# Brief
The entries that follow must be given again exactly, with the pictures excluded.

# Task data
# # # # #
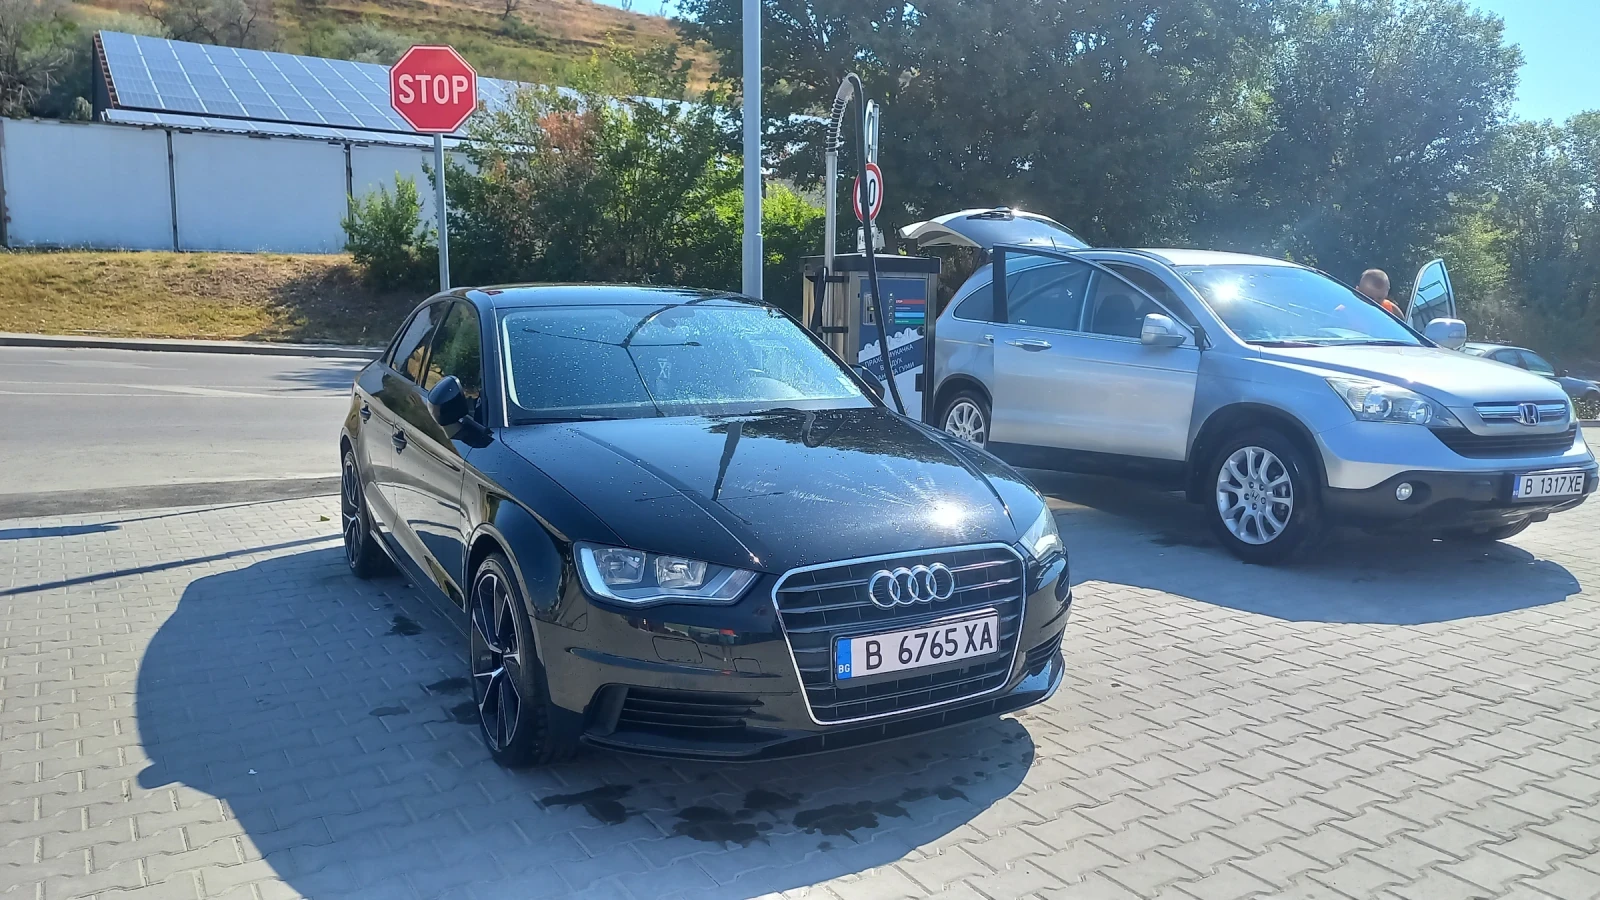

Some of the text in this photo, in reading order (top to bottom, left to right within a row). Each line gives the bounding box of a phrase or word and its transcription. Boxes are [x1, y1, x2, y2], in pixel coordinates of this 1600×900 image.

[398, 74, 469, 105] STOP
[880, 357, 903, 372] ВДУХ
[898, 361, 915, 373] ГУМИ
[1524, 475, 1582, 495] B 1317 XE
[865, 621, 994, 670] B 6765 XA
[838, 663, 851, 674] BG
# # # # #
# Reply
Some of the text in this photo, in reading order (top to bottom, left to right within a row). Each line gives the bounding box of a phrase or word and its transcription. Boxes are [x1, y1, x2, y2], in pixel coordinates of this 1600×900 image.

[398, 74, 469, 105] STOP
[880, 357, 903, 372] ВДУХ
[898, 361, 915, 373] ГУМИ
[1524, 475, 1582, 495] B 1317 XE
[865, 621, 994, 670] B 6765 XA
[838, 663, 851, 674] BG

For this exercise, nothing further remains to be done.